⟨

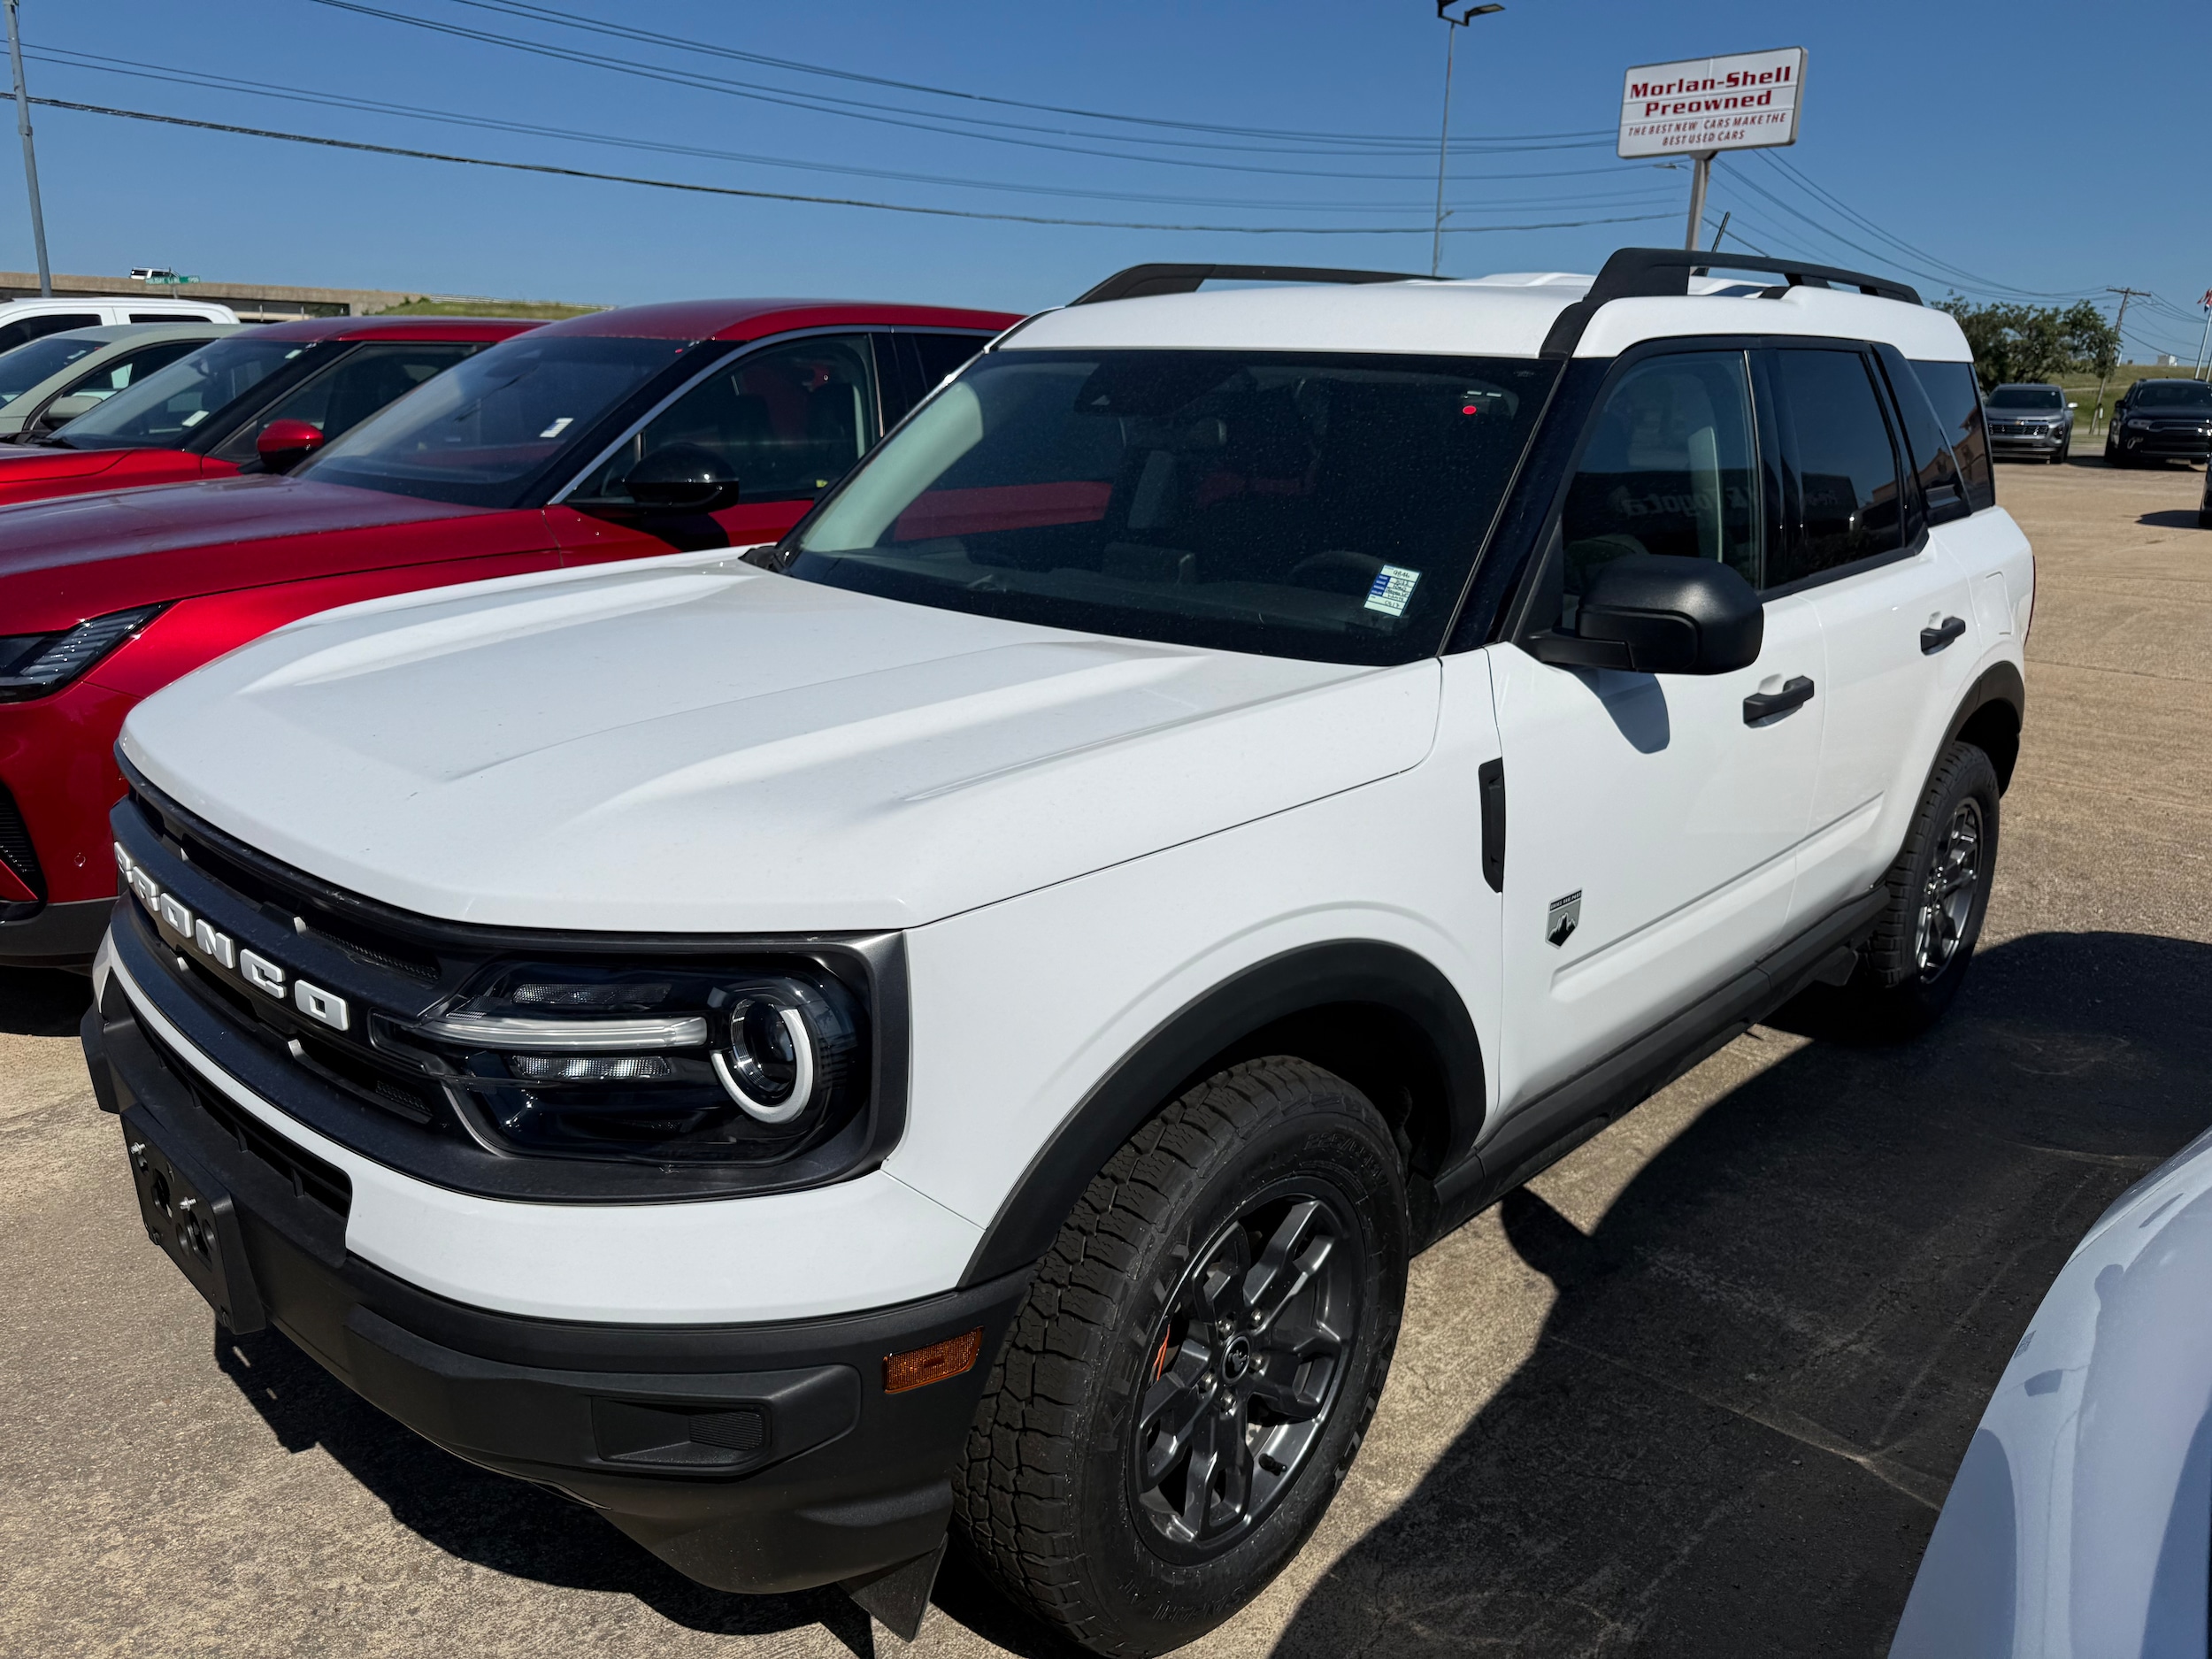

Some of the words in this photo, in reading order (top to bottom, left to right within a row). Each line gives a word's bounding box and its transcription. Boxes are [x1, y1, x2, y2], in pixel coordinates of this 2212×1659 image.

[1630, 65, 1791, 99] Morlan-Shell
[1645, 89, 1771, 118] Preowned
[1628, 126, 1647, 136] THE
[1648, 123, 1672, 135] BEST
[1675, 121, 1698, 131] NEW
[1703, 118, 1730, 129] CARS
[1732, 114, 1764, 127] MAKE
[1765, 112, 1786, 124] THE
[1663, 134, 1686, 146] BEST
[1688, 133, 1715, 144] USED
[1717, 129, 1745, 142] CARS
[114, 841, 350, 1032] BRONCO
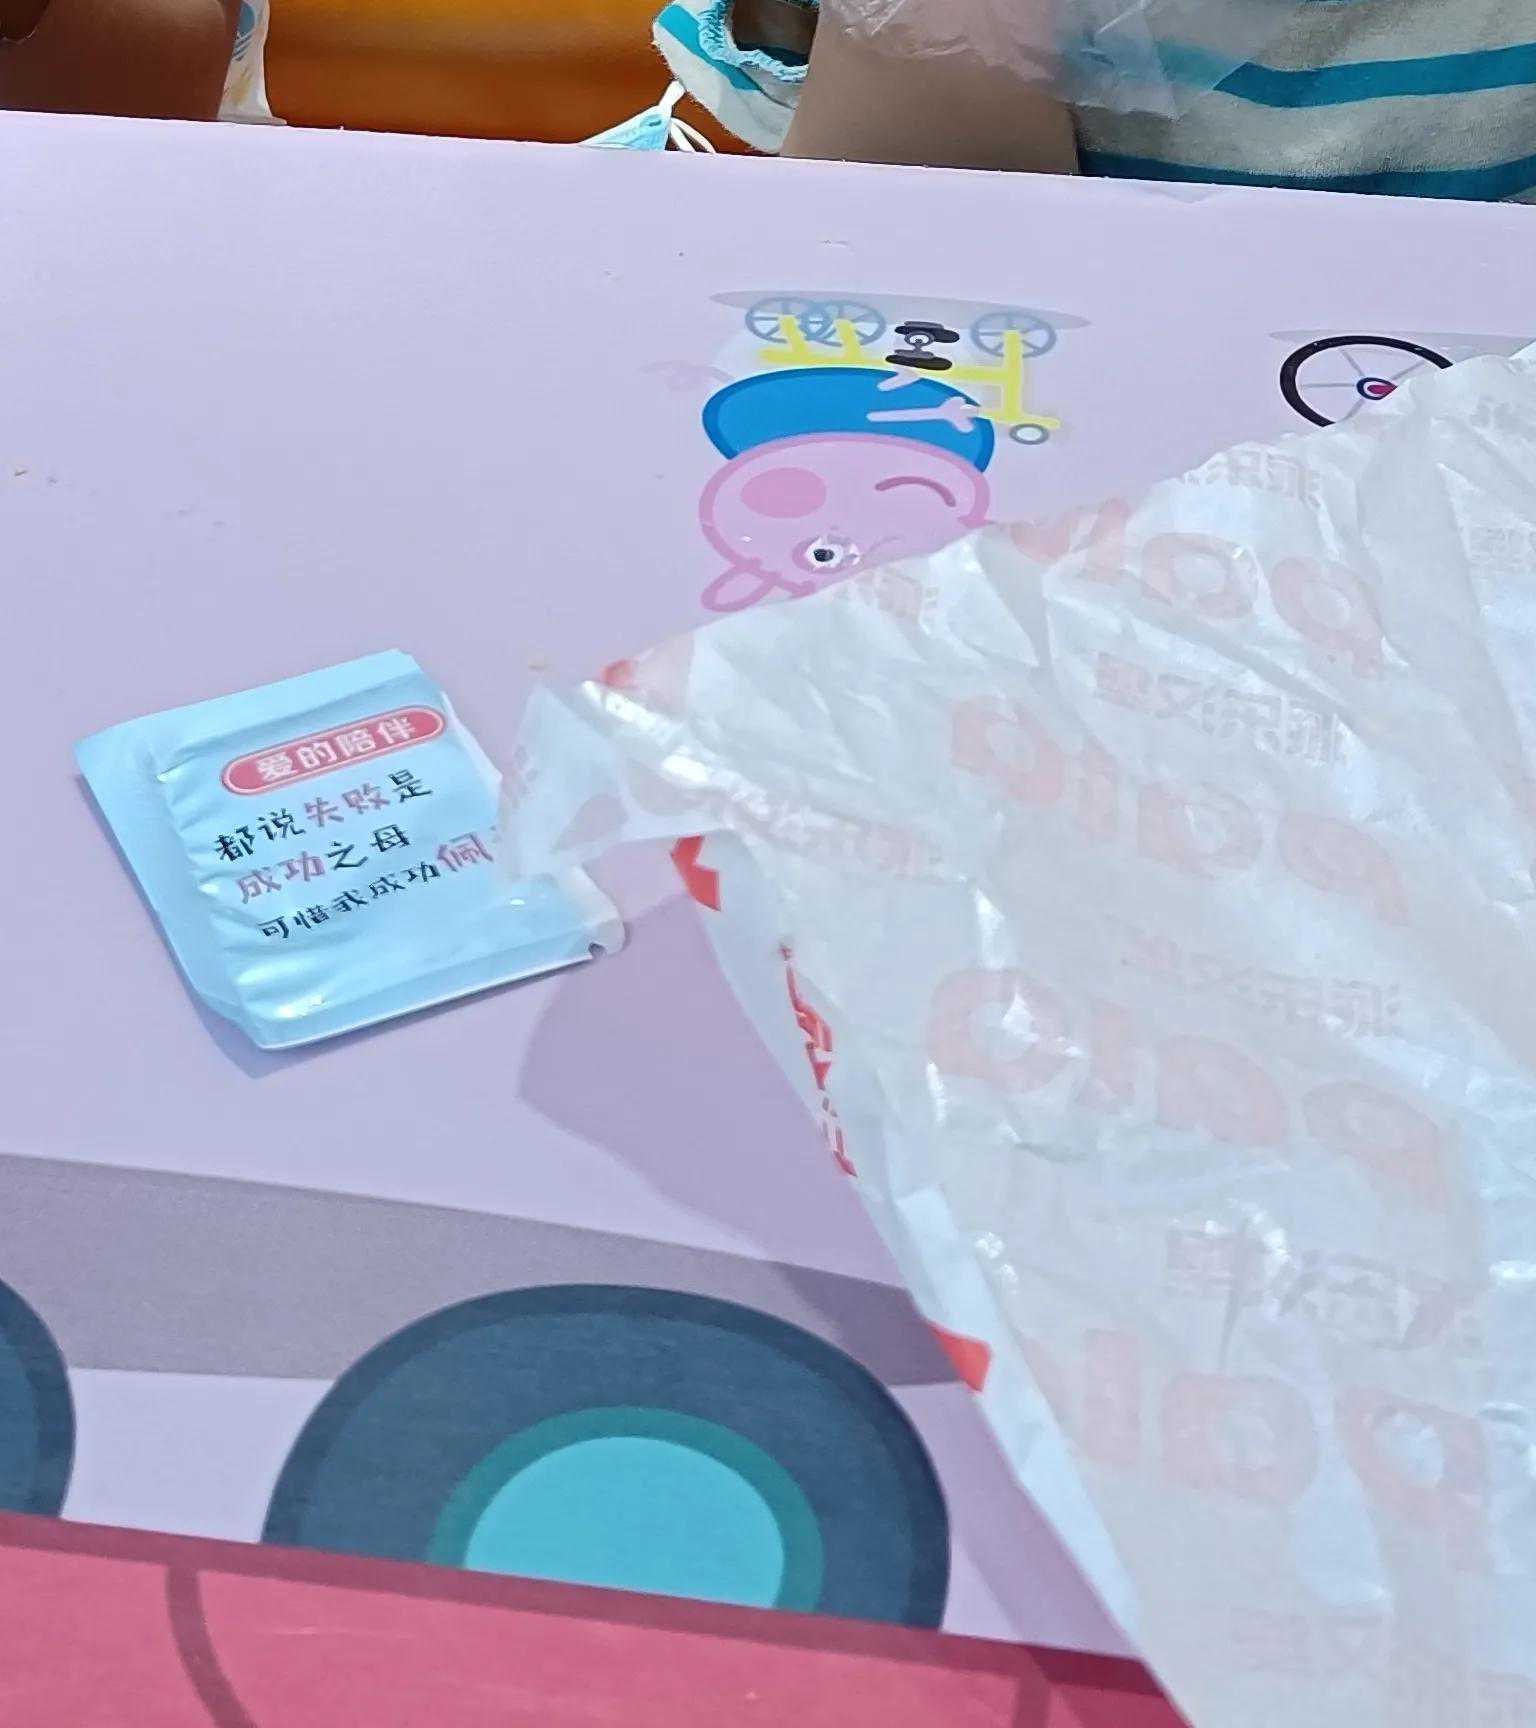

⟩

_Activity_: An exact copy of the data is required, with the pictures excluded.

_Task output_:
Some of the words in this photo, in reading order (top to bottom, left to right within a row). Each line gives a word's bounding box and its transcription. Boxes are [x1, y1, x2, y2], in pixel coordinates of this 2212×1659 image.

[1630, 65, 1791, 99] Morlan-Shell
[1645, 89, 1771, 118] Preowned
[1628, 126, 1647, 136] THE
[1648, 123, 1672, 135] BEST
[1675, 121, 1698, 131] NEW
[1703, 118, 1730, 129] CARS
[1732, 114, 1764, 127] MAKE
[1765, 112, 1786, 124] THE
[1663, 134, 1686, 146] BEST
[1688, 133, 1715, 144] USED
[1717, 129, 1745, 142] CARS
[114, 841, 350, 1032] BRONCO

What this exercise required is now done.